在有條件的醫院經嚴格選擇病例,單孔腹腔鏡闌尾切除術被證實是一項安全有效的手術方式,尤其適用于對切口外觀有強烈要求的患者[15]。單孔腹腔鏡手術方法較多,較為常見的報道是在臍周取1.5~2.5 cm的切口置入單孔器械進行手術[20-24]。雖然減少了切口數目,但是切口長度仍然偏長,腹壁創傷仍然偏大,而且主、輔操作器械“平行”,導致操作存在困難,因而仍有改進空間。

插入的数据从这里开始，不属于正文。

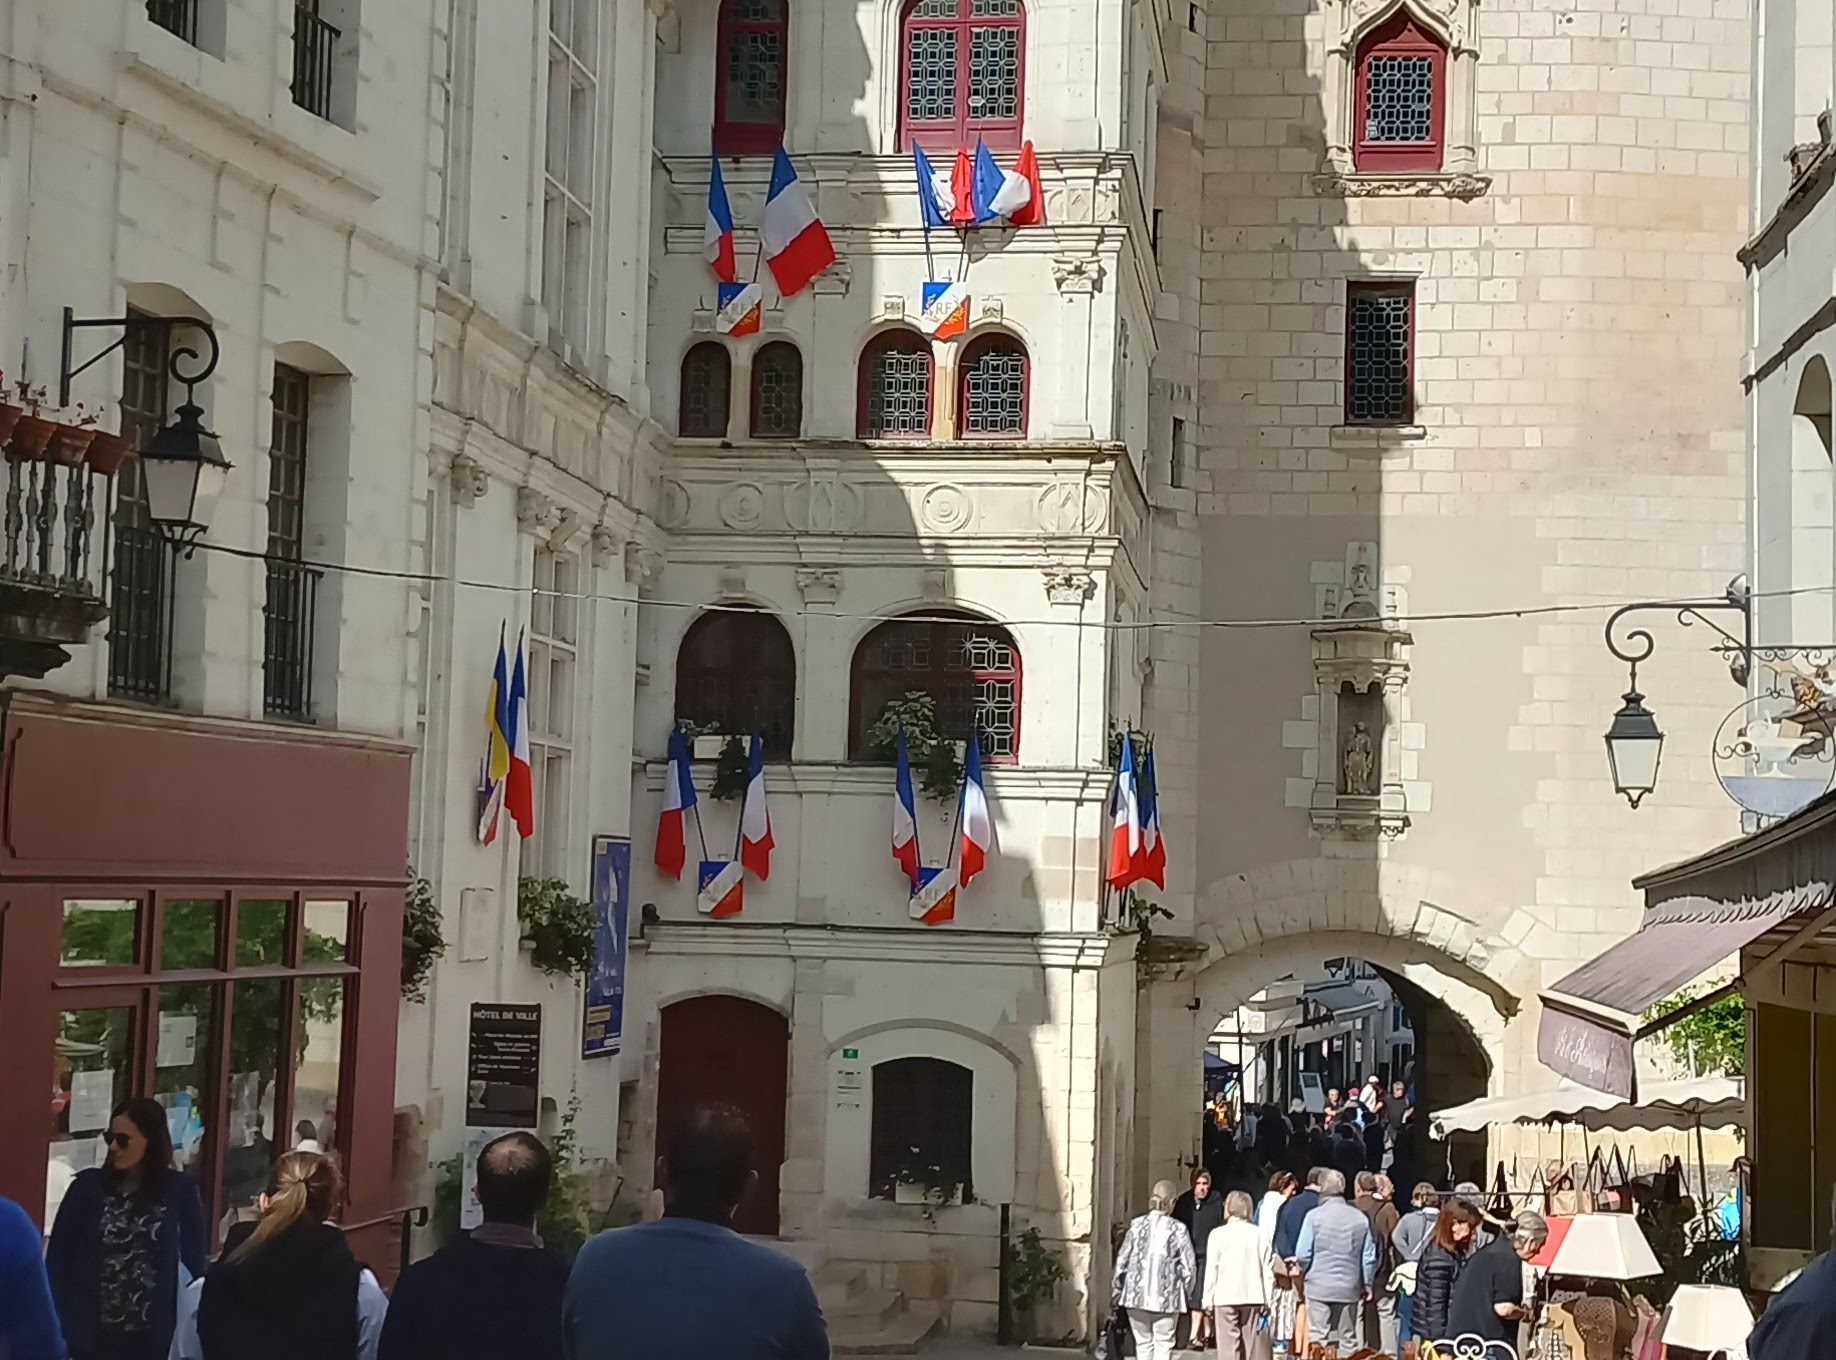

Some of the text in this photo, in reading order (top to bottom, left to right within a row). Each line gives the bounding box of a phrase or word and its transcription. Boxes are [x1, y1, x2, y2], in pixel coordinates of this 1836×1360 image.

針式抓鉗是一個直徑約2 mm 的抓鉗,可直接置入腹腔,不增加切口,創傷微小,術后1 周無明顯可見瘢痕,在小兒單孔腹腔鏡腹股溝疝疝囊高位結扎術中得到廣泛應用。作者應用針式抓鉗改良單孔法腹腔鏡闌尾切除術,將單孔腹腔鏡闌尾切除術手術切口長度縮小至1 cm,切口選擇隱蔽,達到美容、微創、損傷控制的效果,同時解決單孔腹腔鏡下主、輔操作器械“平行”配合的操作角度難點,降低手術創傷應激,符合加快康復外科理念[25]。通過電話、微信、門診等方式進行30 個月術后隨訪,無闌尾殘株炎、腸梗阻、臍疝、腹腔膿腫形成等遠期并發癥發生,臨床效果滿意。然而,該術式術中需從5 mm trocar 口取出闌尾,因此,術前應依據腹部超聲、CT 檢查等合理選擇適應證手術,提高手術安全性。對于慢性闌尾炎或急性單純性闌尾炎患者較為適用,對化膿性闌尾炎及闌尾較粗病例應該慎重選擇。隨著技術進一步優化,期望進一步拓展手術適應證。同時,需要強調的是,如術中發現病情復雜,無法實現單孔手術,可及時更換術式,改用二孔法或三孔法,實現單孔法,二孔法和三孔法的合理轉換。當然,任何技術在應用的初始階段都會面臨不熟練的問題,本項技術也不例外。針式抓鉗操作不如常規手術器械靈活,術中牽引闌尾以及協助打結的過程中會有一定的難度,一定程度上會延長手術時間,隨著手術經驗的積累,尚需進一步改進和探討。遠期臨床效果有待更多的臨床證據進一步驗證。